Cooper, who recently took a soccer coaching position in Tampa Bay, was in Virginia earlier in the day and made a trip to Glen Burnie to be with Charley. The former Blast coach talked about what Eckman means to him as a friend and what Eckman has done to promote soccer over the years.

Eckman had the last at-bat and as usual he hit a homer. His ability to spin hilarious yarns at a rapid-fire pace is best suited for mature audiences, but was masterfully adjusted to the part-PG13 crowd on hand.

Charley was Charley without some of his best color. Sher had called him "the greatest curser" he had ever heard, but Eckman did a marvelous job restraining himself and still captivated the audience with several funny stories.

Nobody can tell sports stories with the same recall, enthusiasm and hilarity as Charley Eckman.
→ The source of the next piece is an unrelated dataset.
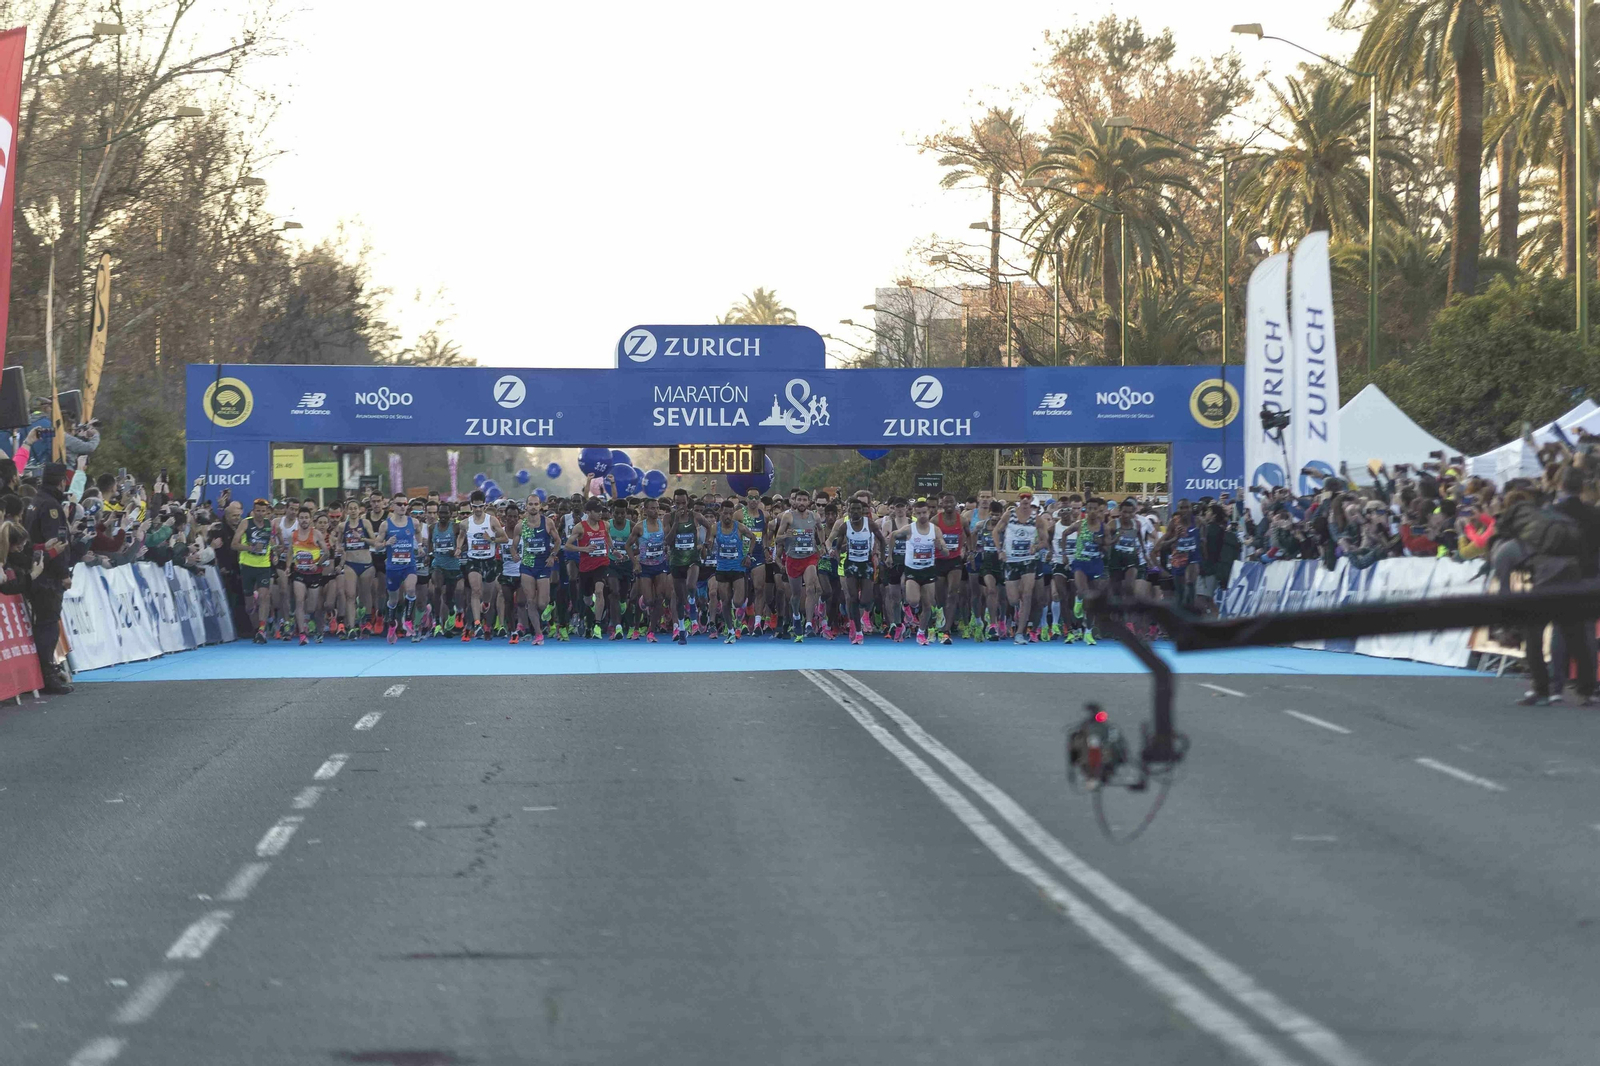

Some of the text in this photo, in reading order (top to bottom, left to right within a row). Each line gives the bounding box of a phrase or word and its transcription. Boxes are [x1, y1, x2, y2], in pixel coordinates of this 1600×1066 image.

His unique style and life drew a personal post-banquet thank you from young Michael Novitzge of Troop 672. Michael thanked Charley for all his contributions of time and money to youth and community groups.

Eckman, who has been battling cancer for three years, even talked about not fearing the inevitable.

"With this cancer, I could go today or tomorrow, but I'm not afraid to die," said Eckman. "I have a wonderful wife and family and I've done it all in my 73 years."

McMullen moves on

Former Broadneck boys soccer coach Kevin McMullen, whose teams won three county and three region titles, has been named athletic director at a new high school on the Montgomery and Frederick county line. He had transferred to Thomas Johnson High in Frederick a couple years ago.

McMullen will get the chance to start a program from the ground floor as his older brother Tim did at Broadneck in 1982 when Urbana High opens its doors next year.